### EXTRACTED INFORMATION ###

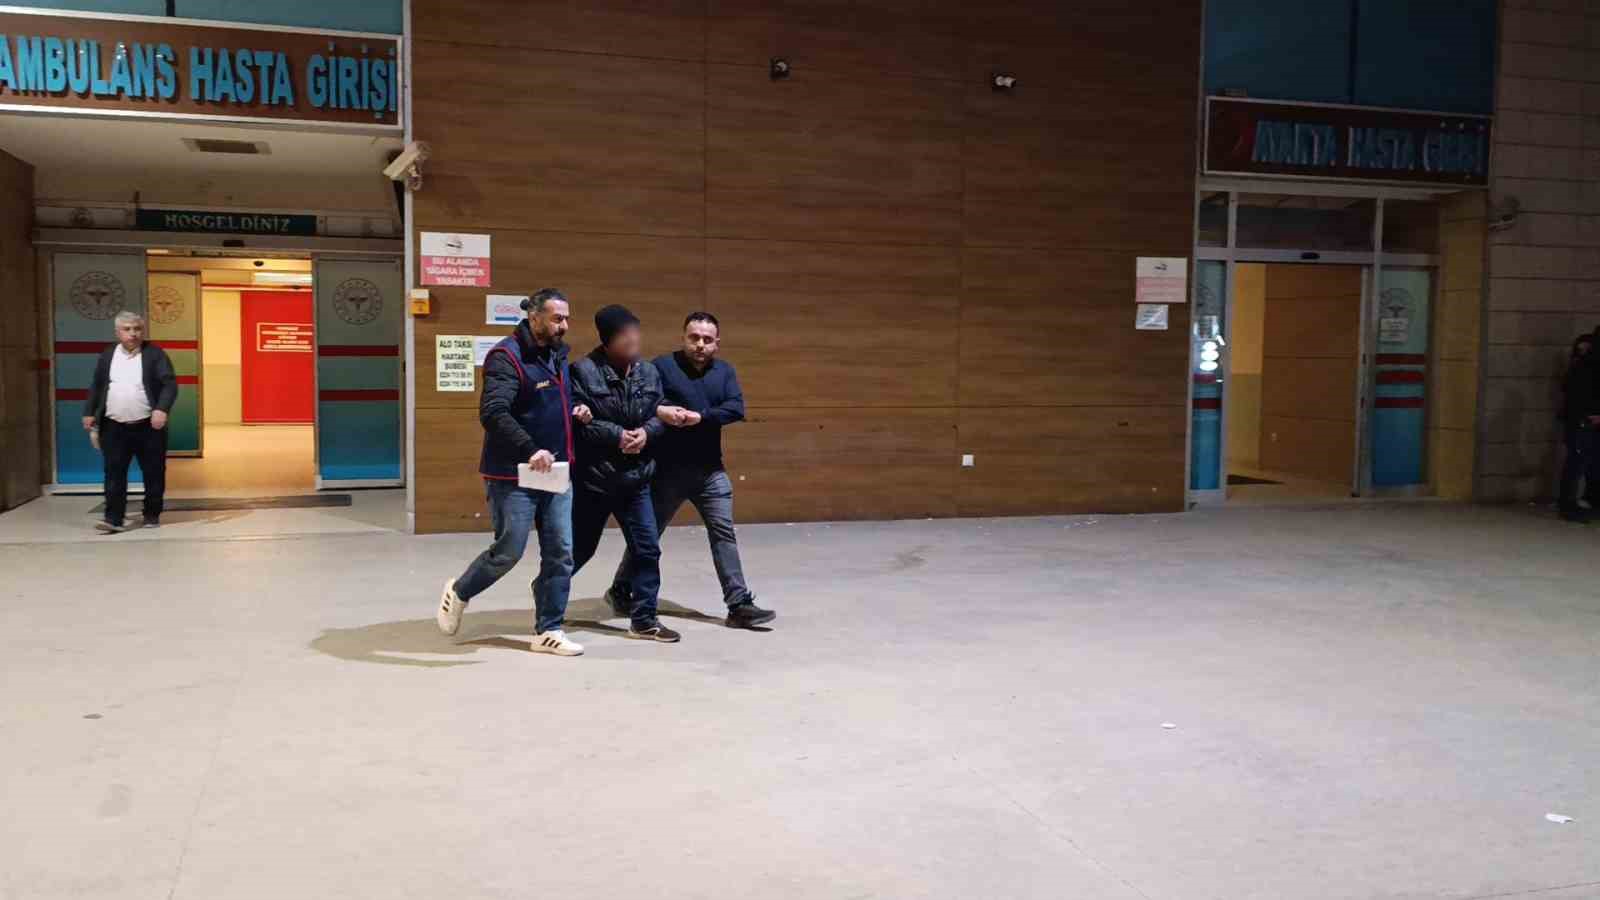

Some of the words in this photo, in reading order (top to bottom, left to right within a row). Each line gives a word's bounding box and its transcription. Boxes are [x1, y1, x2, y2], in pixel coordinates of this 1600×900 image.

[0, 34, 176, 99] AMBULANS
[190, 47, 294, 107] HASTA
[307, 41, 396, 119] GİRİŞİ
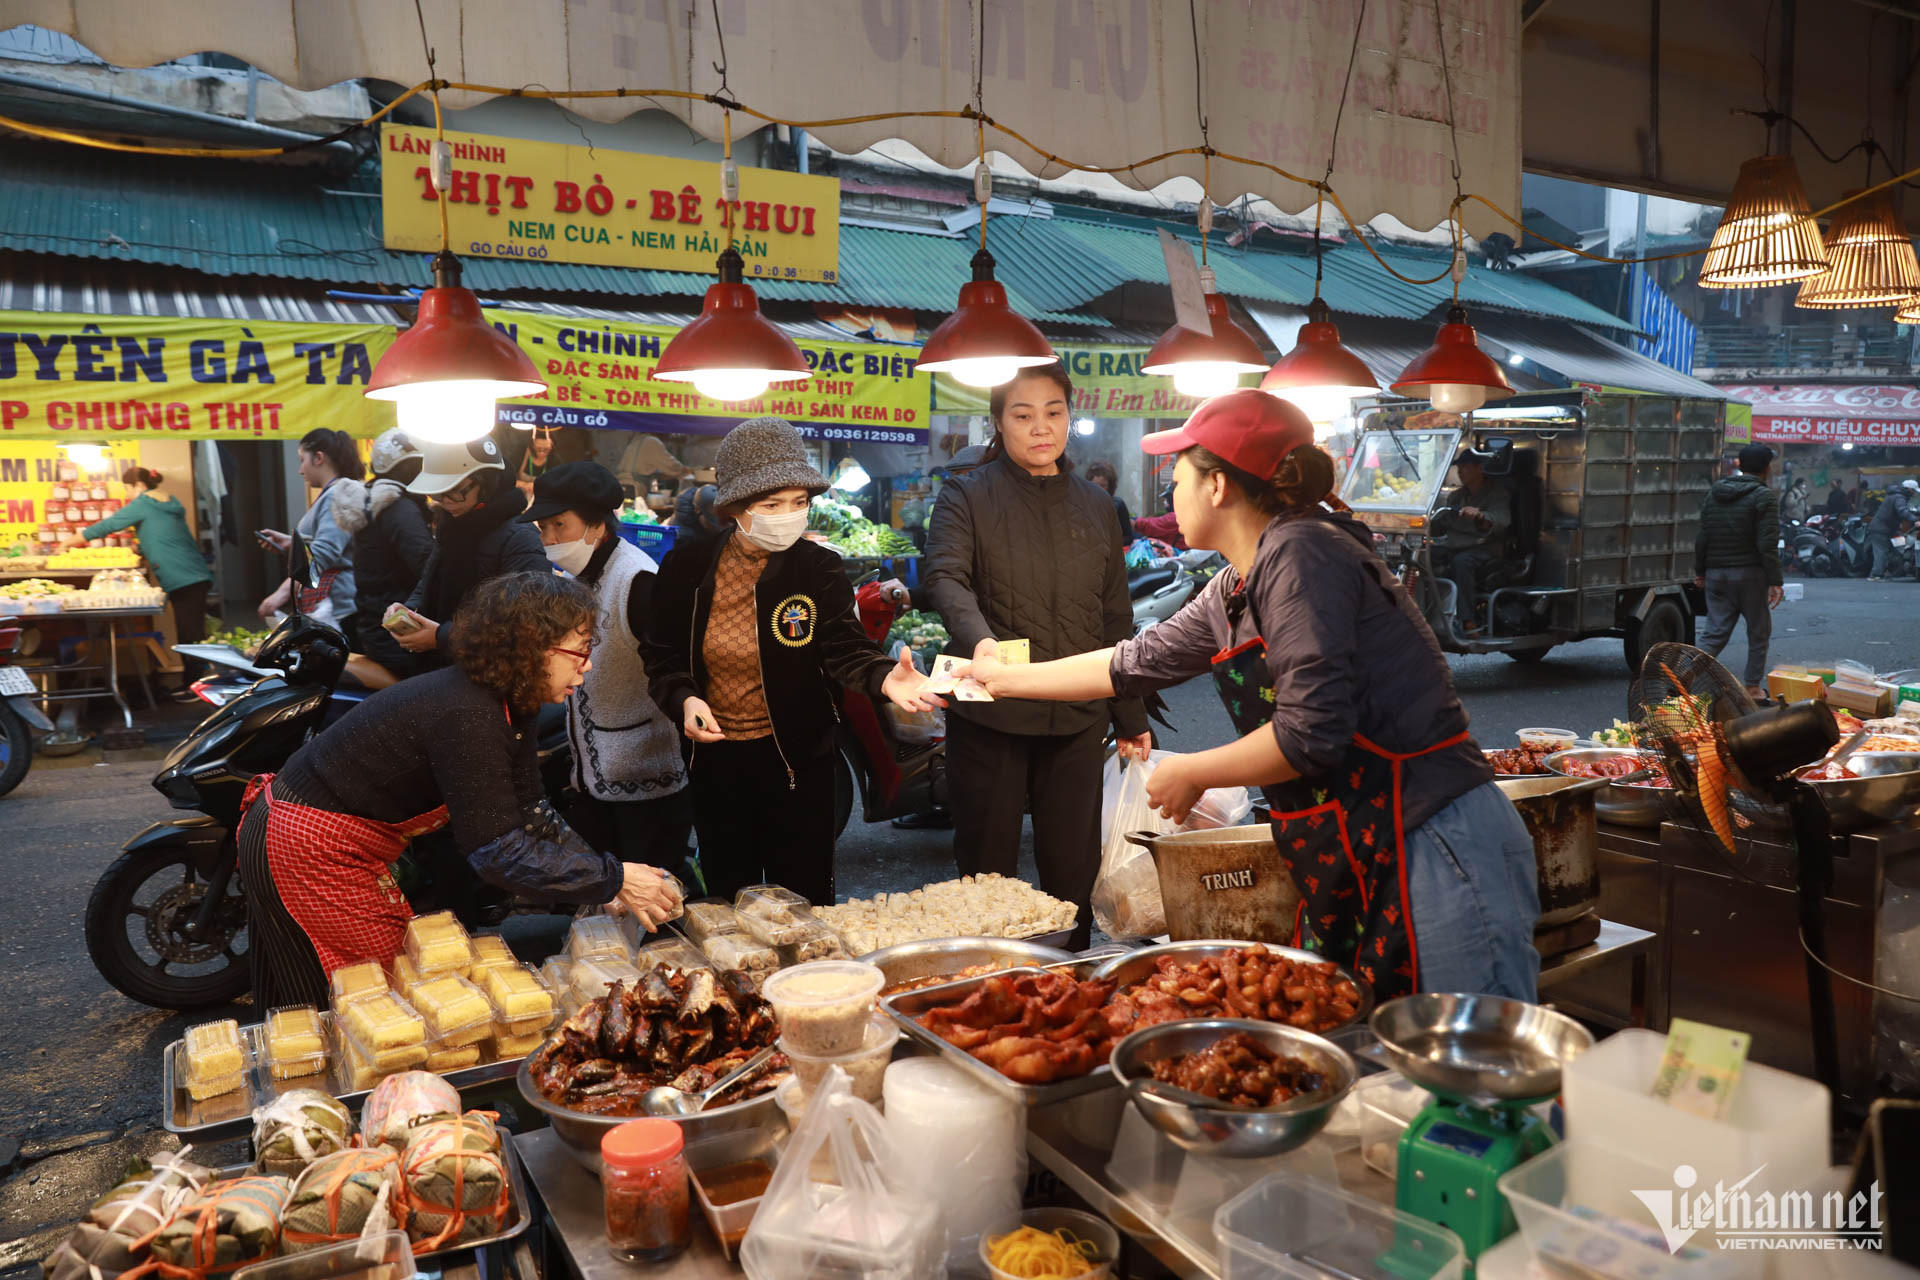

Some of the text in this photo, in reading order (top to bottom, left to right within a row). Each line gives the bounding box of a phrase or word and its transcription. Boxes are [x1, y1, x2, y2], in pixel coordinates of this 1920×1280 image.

###

--- EXERCISE PROMPT ---
When you transcribe the entries, reproduce each line exactly and skip any picture.

--- RESULT OF THE EXERCISE ---
Some of the words in this photo, in reading order (top to bottom, left to right within a row). Each line gives a word's bounding box and its transcription. Boxes are [x1, y1, x2, y2], in pixel coordinates of this 1600×900 image.

[0, 34, 176, 99] AMBULANS
[190, 47, 294, 107] HASTA
[307, 41, 396, 119] GİRİŞİ

Some of the text in this photo, in reading order (top to bottom, left to right within a row). Each line gives the bounding box of a phrase or word and its transcription. Boxes are [x1, y1, x2, y2], in pixel coordinates of this 1920×1280 image.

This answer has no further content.